Нацепил какую-то одежонку, пошел к соседям. Но знал: боялись соседи меня. Поэтому звать их не стал, а только достучался в дверь и сказал: «Бегите к яге, не то беда будет», И домой поплелся. А надо сказать, крупа снежная на дворе прекратилась и растеплело. И понял я, что крупу ту гость наш с собою принес.
Вернулся в избу. Понимаю: пока еще соседи до яги добегут (на выселках та жила) да пока яга приковыляет — много времени пройдет.
Пошел я к матери. И вижу — горит лицо ее, и чувствую — пылает вся. Обессилела и лежит ничком. А я-то ничего сделать не могу. Смотрю на деда с бабкой — а они уж неживые.
И тут страх на меня напал. Мать помирает беспомощная, а я в избе, где уж и так три покойника. И хуже того: кажется мне, что перемена какая-то с гостем нашим крупяным происходит, словно расплывается лицо его, и черт его различить я уже не могу. И не шевелится он только потому, что Шипь весь яд свой в него впрыснула, а непростая гадюка была Шипь — это еще и гость наш «дорогой» перед смертью сказал.
А страх наползает, как облако, и стал я Даждьбогу молиться: защити или страх по крайней мере отгони. Но не помогает Даждьбог, да и как ему помочь — сумерки уж на дворе, не его время.
Упирь стал поминать — но все без толку.
А над гостем киевским дымок некий виться стал; так, легкий дымок, как над болотом к вечеру, и запах пошел тяжелый, как от кожи жженой.
И тогда, как я считаю, и стал я богатырем.
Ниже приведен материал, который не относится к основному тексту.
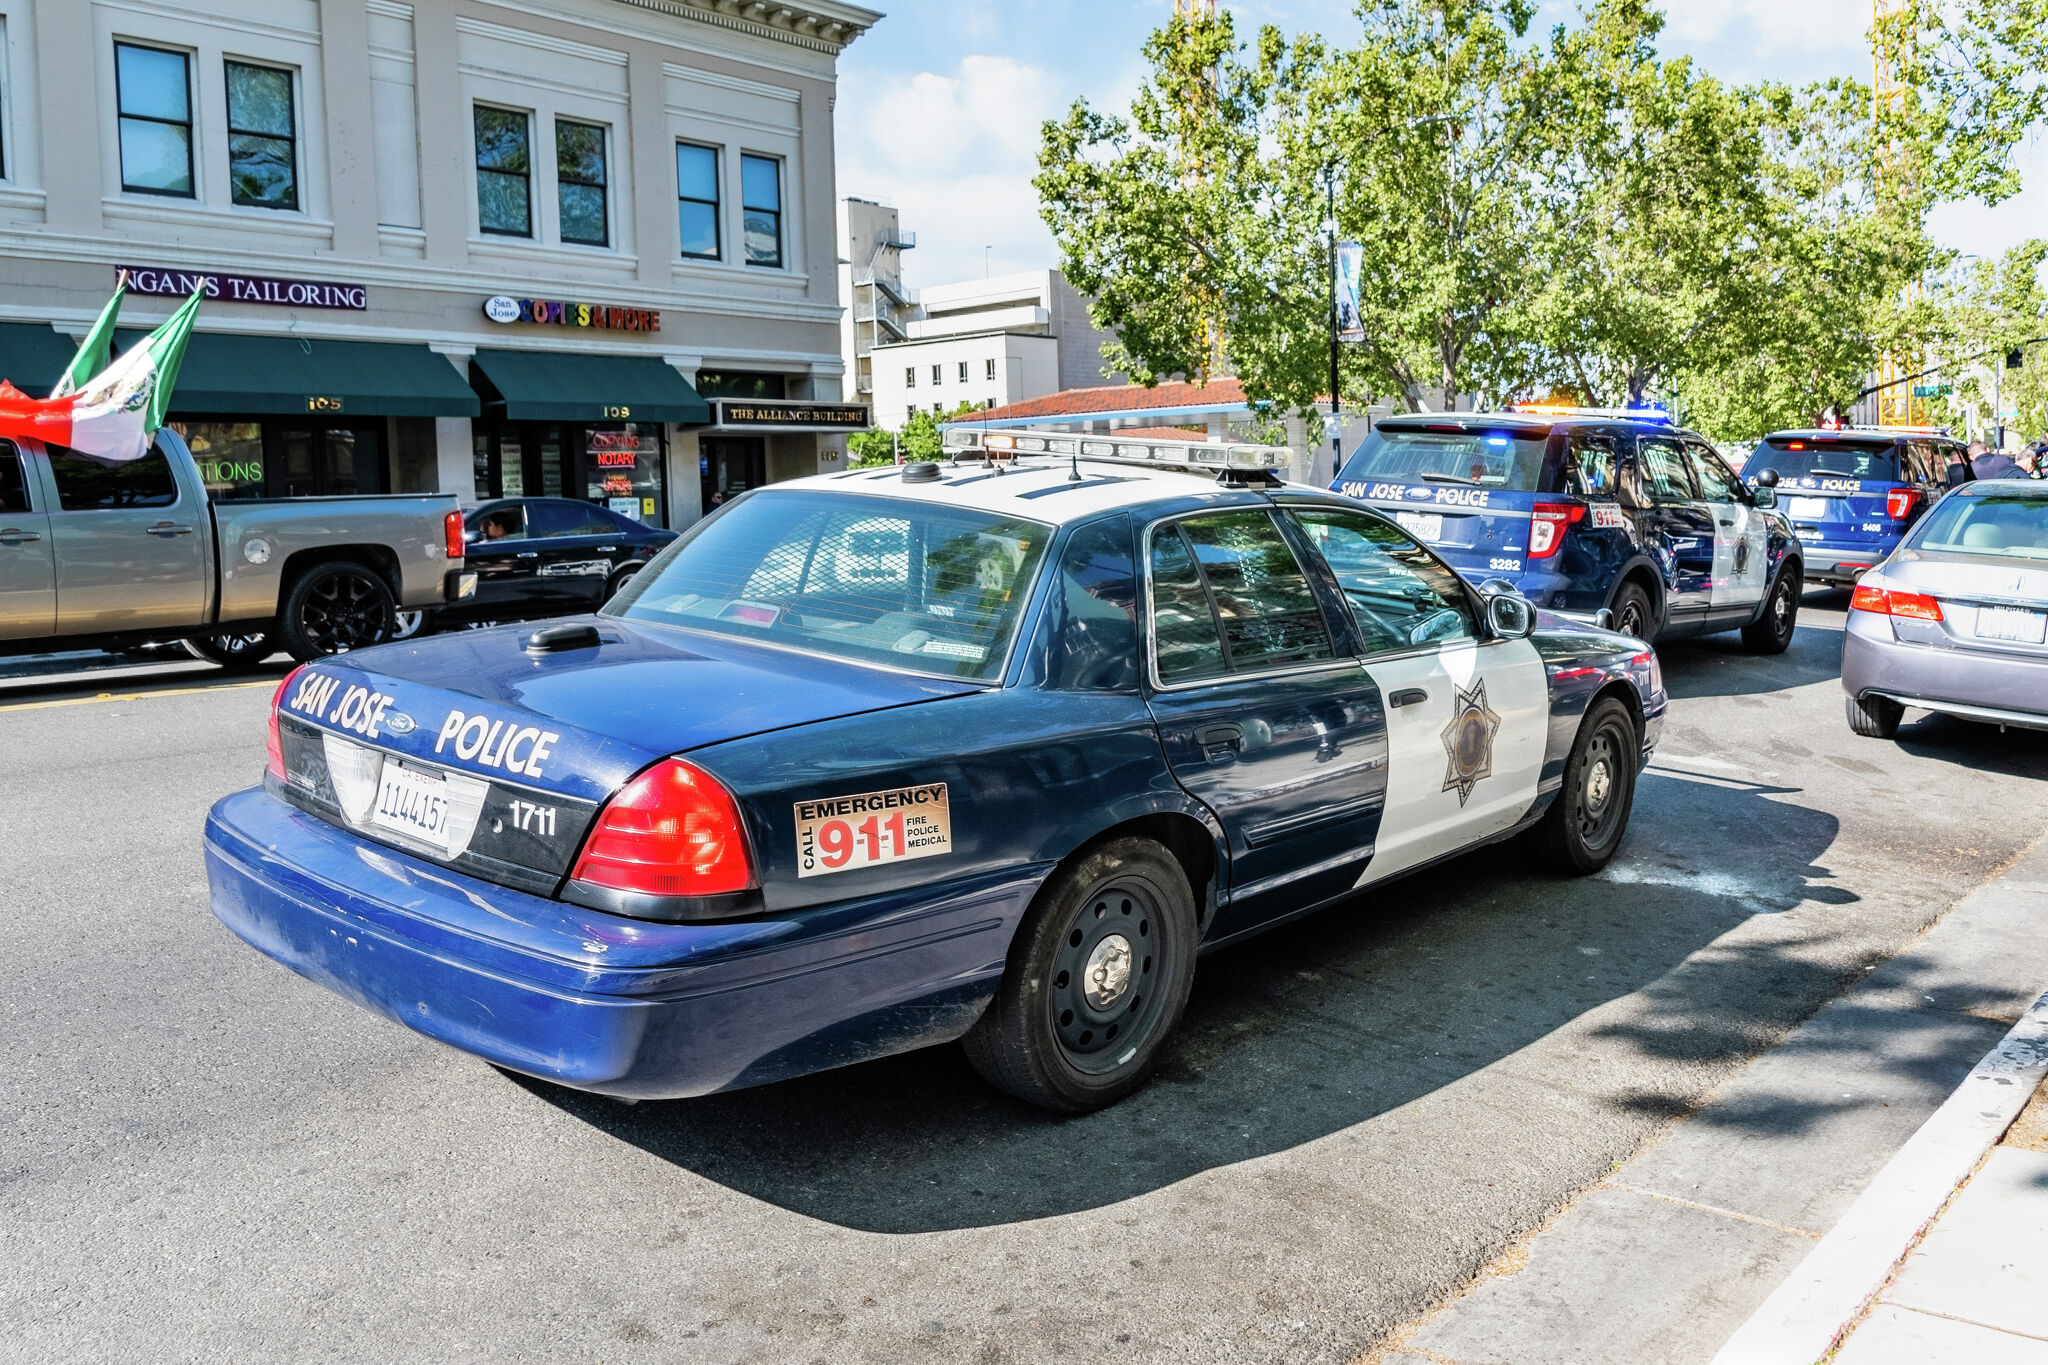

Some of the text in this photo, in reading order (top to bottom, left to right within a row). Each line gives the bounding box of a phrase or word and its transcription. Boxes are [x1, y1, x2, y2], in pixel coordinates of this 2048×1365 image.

[117, 268, 367, 308] NGANS TAILORING
[494, 298, 512, 308] San
[491, 307, 517, 318] Jose
[519, 299, 661, 332] COPIES & MORE
[730, 408, 863, 422] THE ALLIANCE BUILDING
[593, 435, 640, 449] COPYING
[597, 452, 636, 465] NOTARY
[1777, 477, 1798, 488] OSE
[1821, 479, 1861, 492] POLICE
[1340, 482, 1368, 498] SAN
[1368, 484, 1406, 501] JOSE
[1435, 488, 1490, 507] POLICE
[1489, 557, 1521, 571] 3282
[290, 672, 560, 778] SAN JOSE POLICE
[800, 787, 942, 821] EMERGENCY
[509, 799, 557, 837] 1711
[906, 815, 927, 827] FIRE
[907, 825, 940, 837] POLICE
[818, 811, 907, 869] 9-1-1
[908, 835, 948, 849] MEDICAL
[802, 825, 815, 870] CALL
Взял дедовский нож и — как ни тяжел он был для руки моей — приставил к горлу гостя мертвого и не отпускал, покуда шаги на дворе не услышал.
Соседи войти побоялись, и только яга тенью мышьей прошмыгнула.
— Лихо-лишенько, яд горит, смерть палит, — прошипела она и к мертвому гостю проворно подскочила.
Тут меня заметила — от горшка два вершка, но все еще сжимавшего нож, как меч.
— Положи нож, храбровин, — сказала равнодушно. — Малому горю уже не поможешь, а от большего горя нож невелика защита.
Заковыляла яга по избе, в лица родных моих посмотрела, яства поковыряла.
— Что, храбровин отцович, — сказала, — без семьи ты остался. Дед с бабкой мертвы, как бревна глупые, а мать к утру отойдет.
— Так делай же что-нибудь! — И я замахнулся ножом.
— Бей старуху, — сказала она так же равнодушно, — не такие били. Давай думать, что дальше с тобой будет.
— Мать мою вылечи! — топнул я ногой.
— Ох, лихо, — вздохнула яга. — Говорила я девке, но сильней моих слов гость ваш оказался. Заберет ее Даждьбог с рассветом. Как первые лучи солнышка покажутся — сгорит. Нет Силы такой теперь, чтоб ее вылечить.
Я замолчал, и первые и последние в жизни слезы потекли по моим щекам.
— Не хнычь! — прикрикнула яга. — Сам едва от смерти ушел! Рассказывай, как было.
Рассказал. Ни слова не вымолвила в ответ яга, а вышла на двор и кликнула соседей, которые в испуге хмуром поотдаль толпились.
— Готовьте три домовины, — сказала им яга. — Старику со старухой из ели горькой, чтоб смолой яд закупорить, а Даждьбоговой жене из дуба, божеска дерева. Ройте четыре ямы. Для жены Даждьбоговой в полроста, чтоб лучи вдовца ее грели, для стариков — в рост, а четвертую — в два роста с четвертью.